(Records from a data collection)
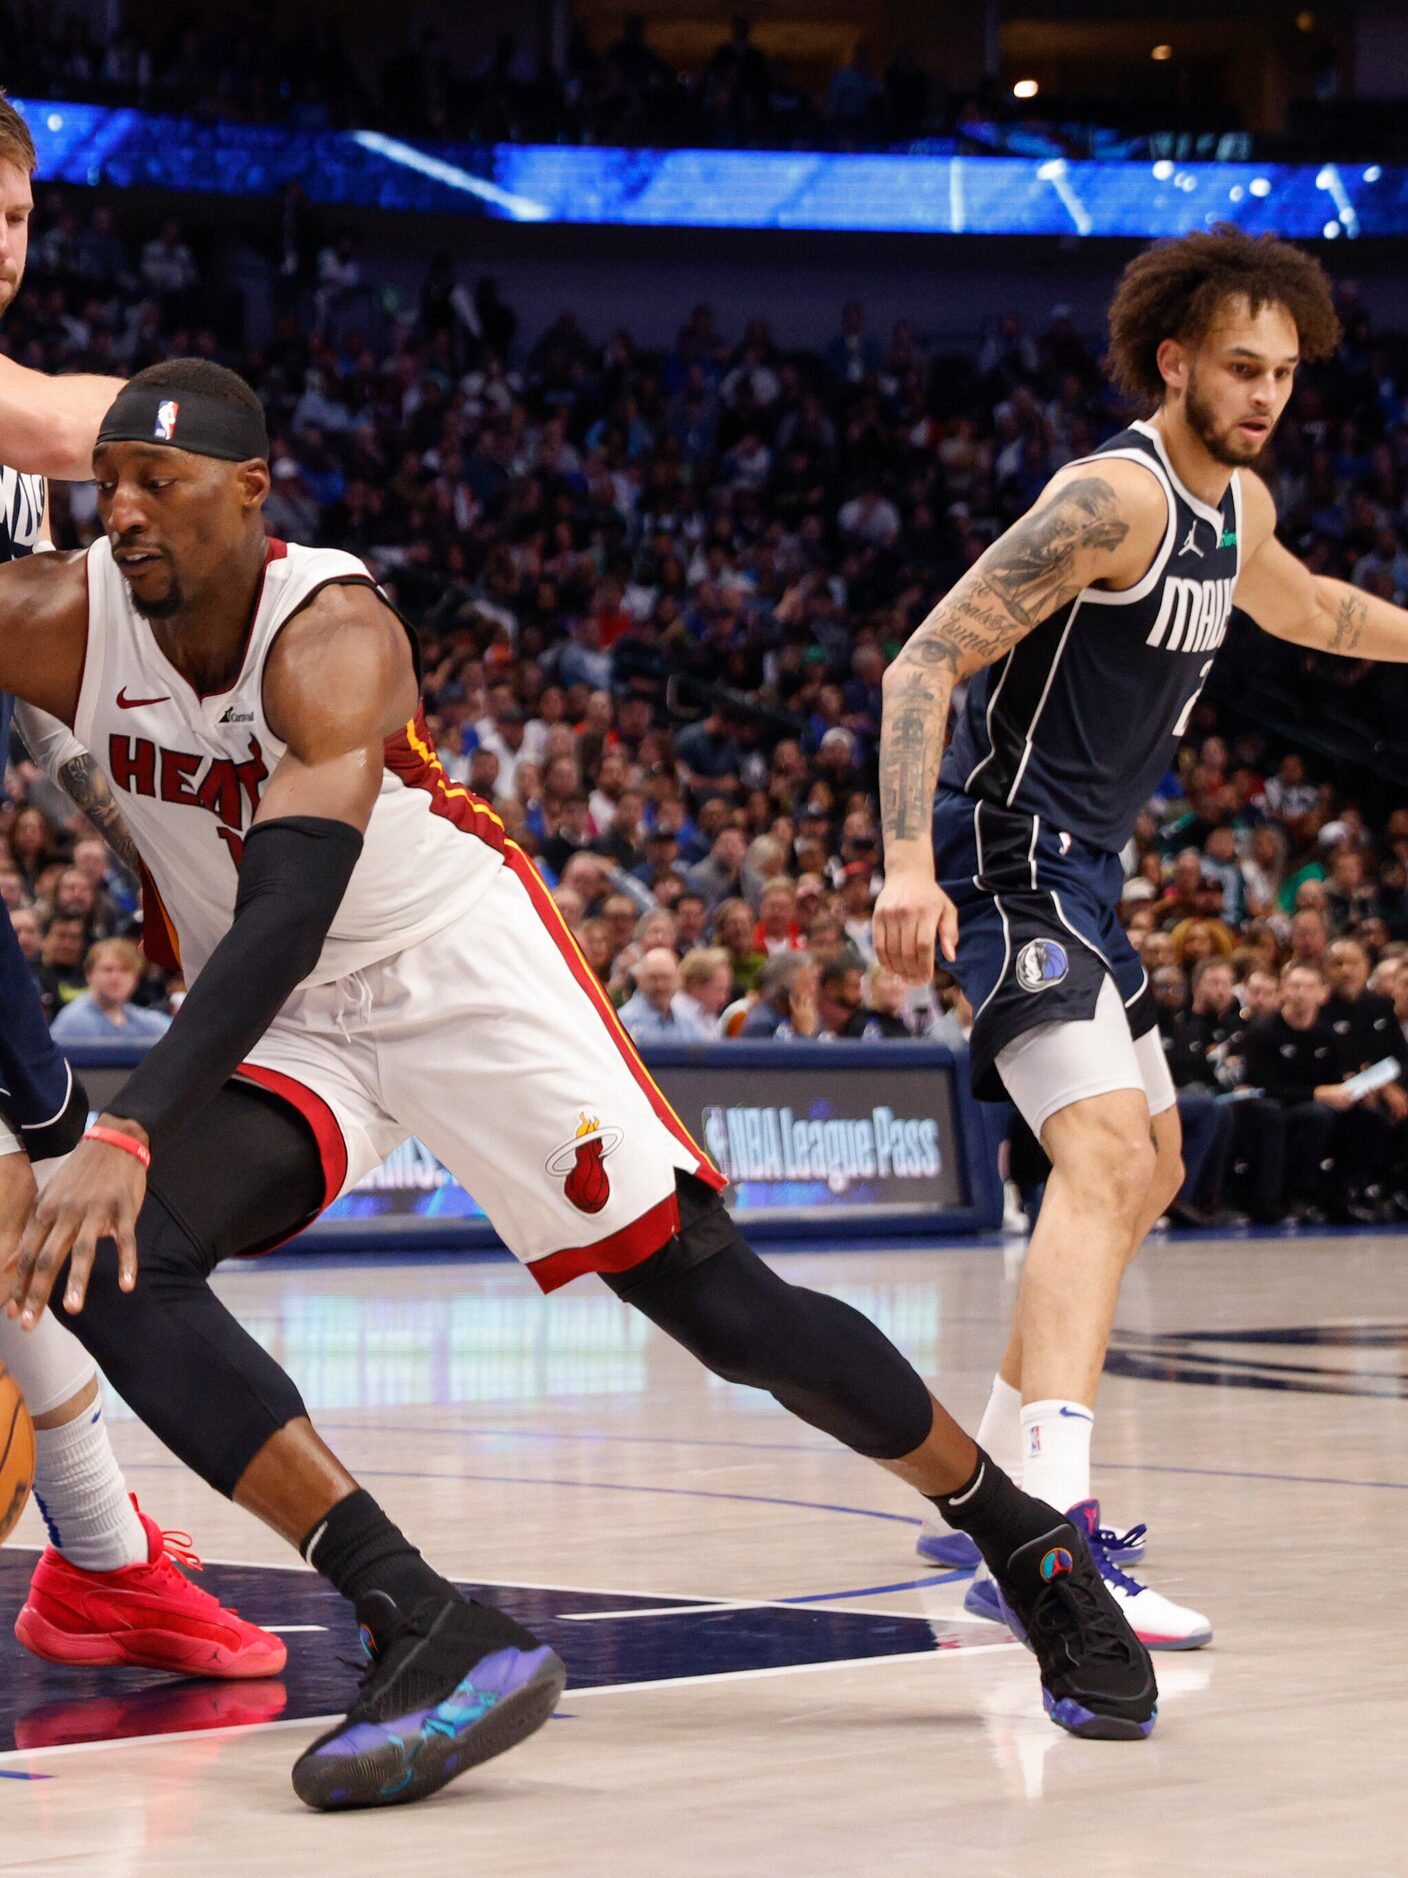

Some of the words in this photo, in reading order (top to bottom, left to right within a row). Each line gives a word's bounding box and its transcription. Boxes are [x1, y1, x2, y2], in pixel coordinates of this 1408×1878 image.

[109, 732, 269, 832] HEAT
[726, 1107, 783, 1181] NBA
[779, 1106, 877, 1193] League
[872, 1106, 941, 1179] Pass
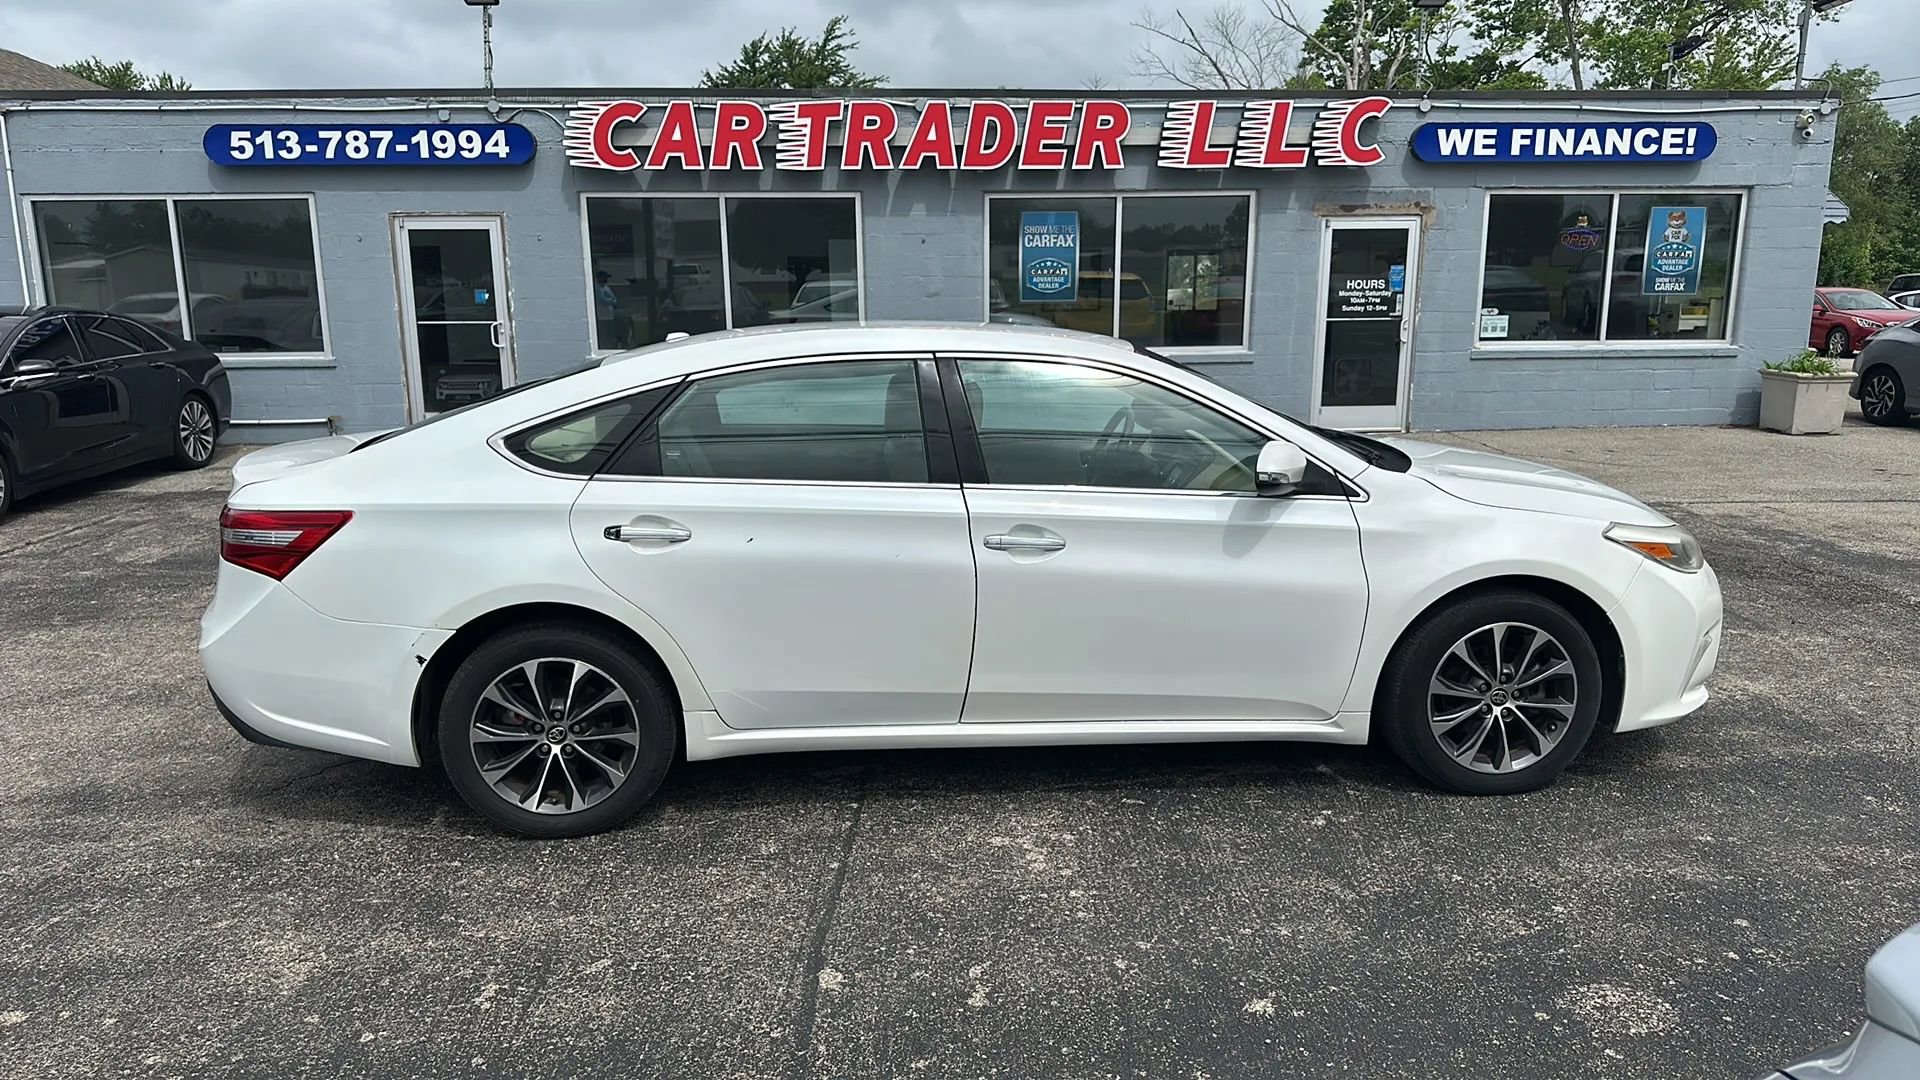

* Prompt *
Without carrying over any picture, write out the entries above once more, exactly.

* Written answer *
Some of the words in this photo, in reading order (top to bottom, left to right within a row). Each line gives a word's bounding box and its transcription. Boxes are [x1, y1, x2, y2], in pixel coordinates of this 1408×1878 image.

[109, 732, 269, 832] HEAT
[726, 1107, 783, 1181] NBA
[779, 1106, 877, 1193] League
[872, 1106, 941, 1179] Pass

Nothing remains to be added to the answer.